• Instructions to follow: Below are some records: retype them all exactly, but not the pictures.

******************************

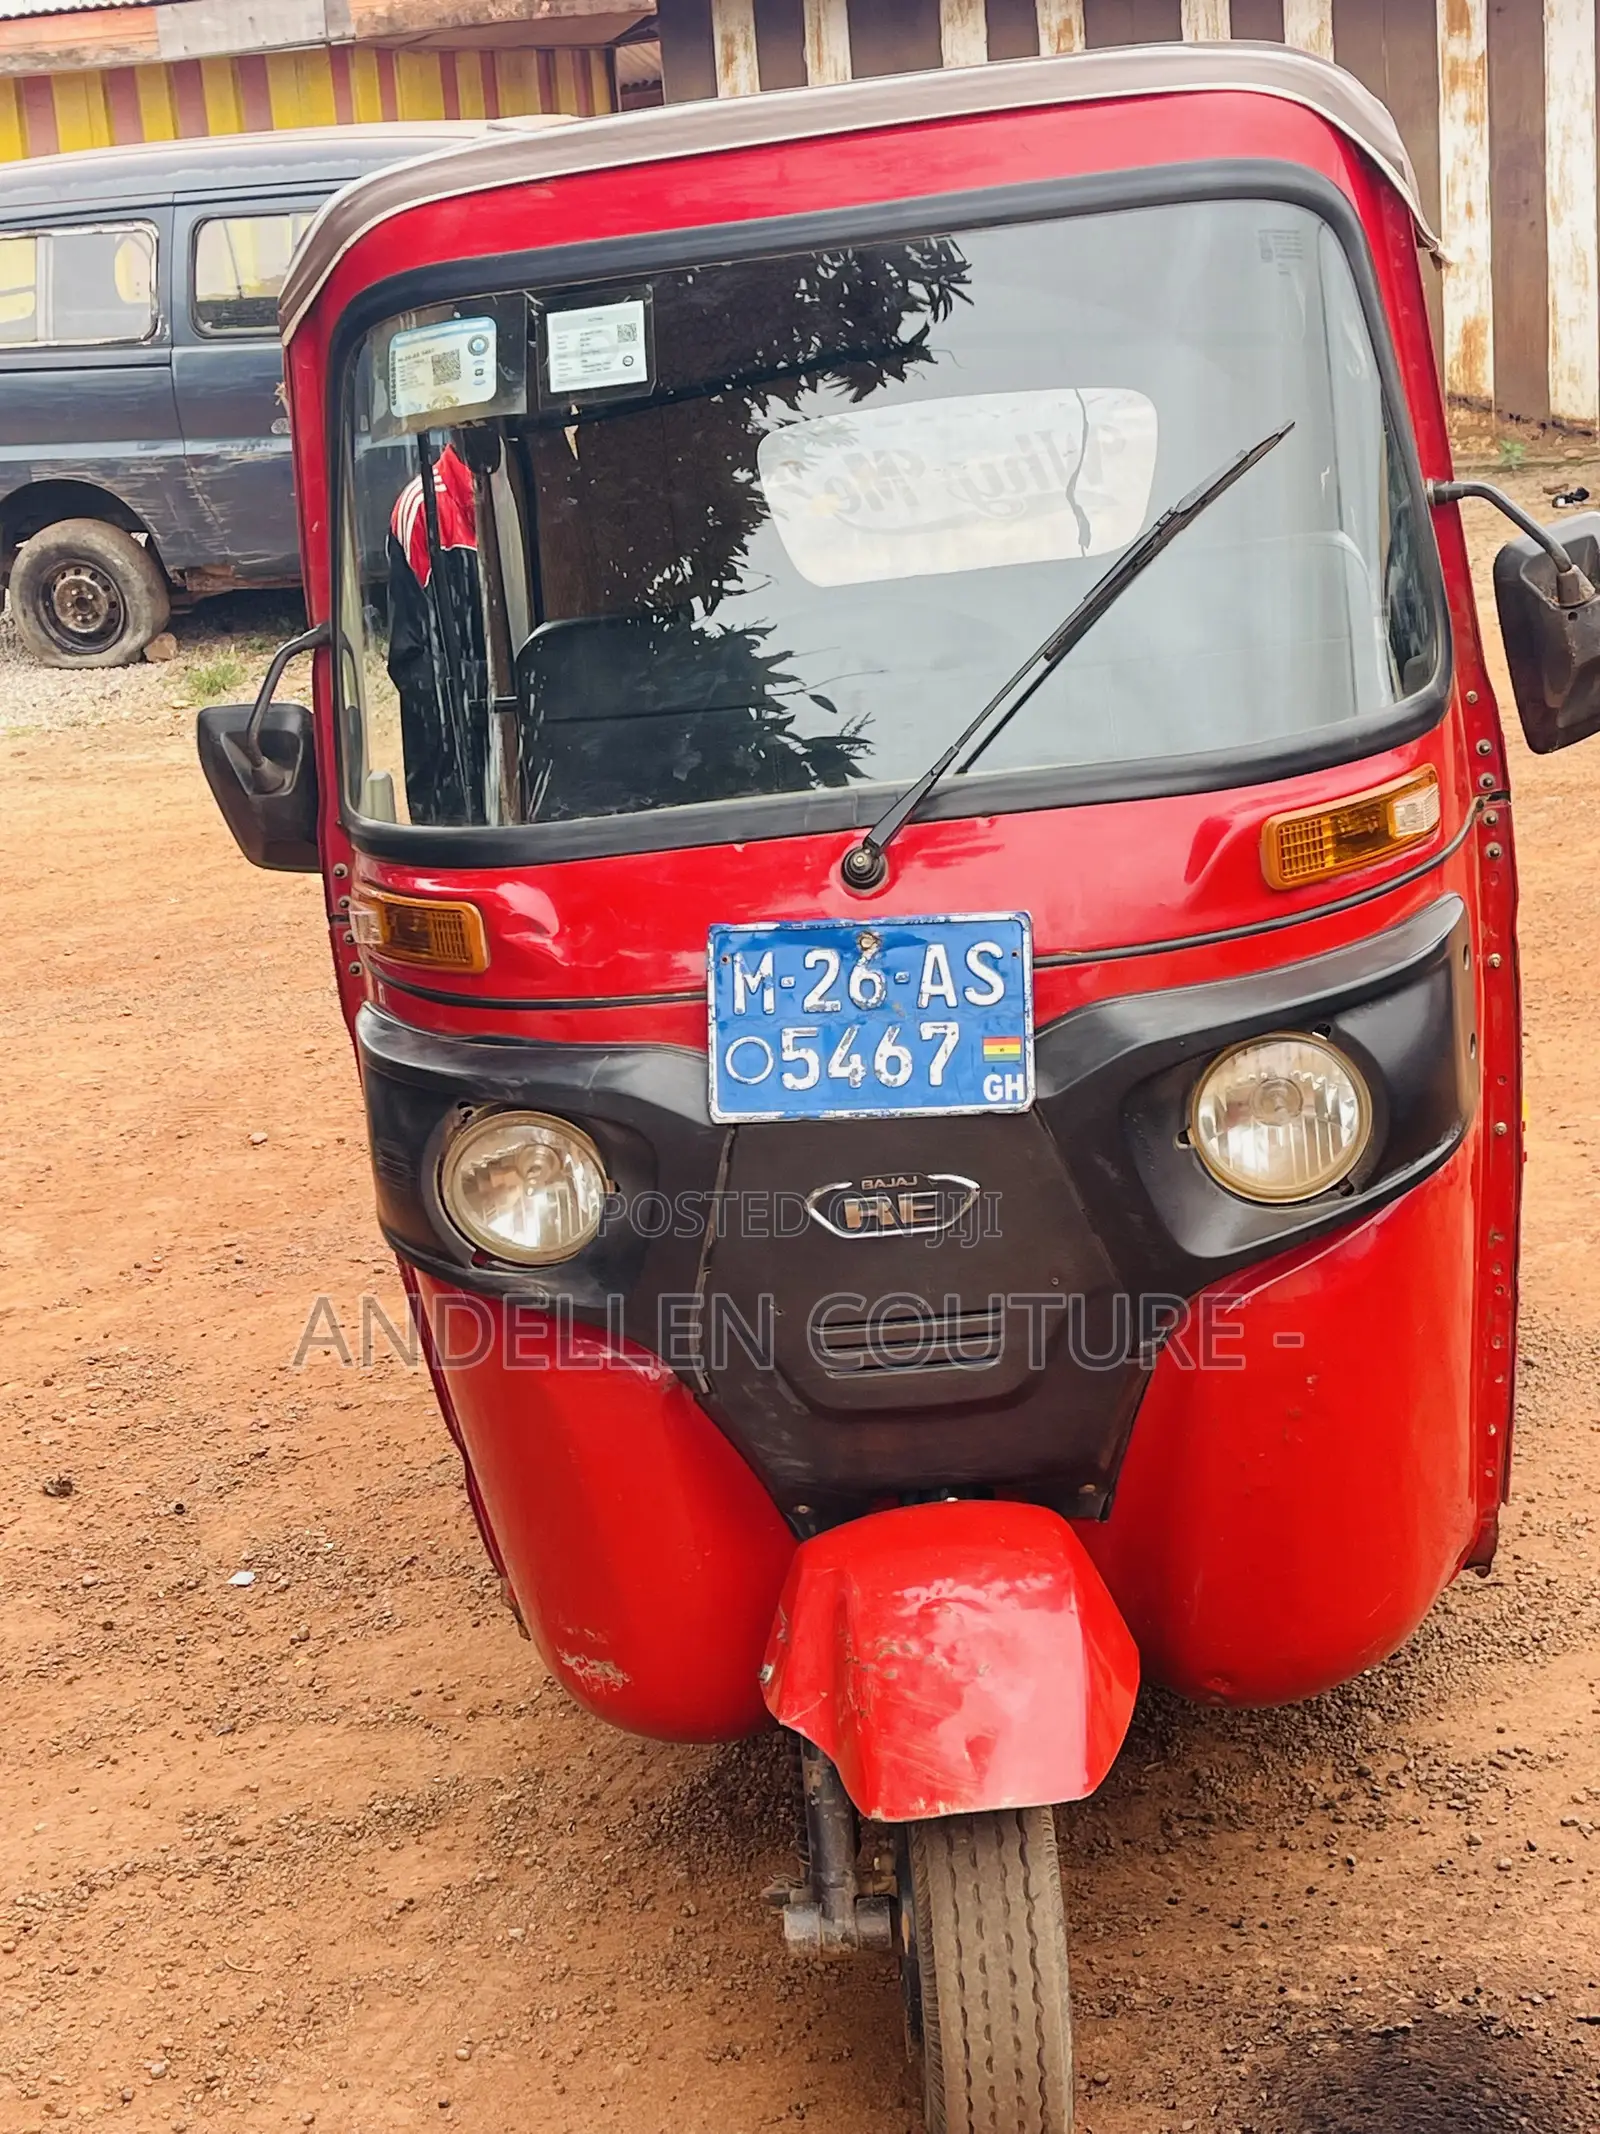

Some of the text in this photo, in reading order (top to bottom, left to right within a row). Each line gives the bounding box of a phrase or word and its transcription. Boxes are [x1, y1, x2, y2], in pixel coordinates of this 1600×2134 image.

[733, 941, 1006, 1016] M-26-AS
[781, 1022, 961, 1091] 5467
[982, 1073, 1026, 1102] GH
[861, 1175, 918, 1190] BAJAJ
[843, 1191, 942, 1229] RE

******************************

• Answer:
Some of the text in this photo, in reading order (top to bottom, left to right within a row). Each line gives the bounding box of a phrase or word and its transcription. Boxes are [x1, y1, x2, y2], in pixel coordinates of this 1600×2134 image.

[733, 941, 1006, 1016] M-26-AS
[781, 1022, 961, 1091] 5467
[982, 1073, 1026, 1102] GH
[861, 1175, 918, 1190] BAJAJ
[843, 1191, 942, 1229] RE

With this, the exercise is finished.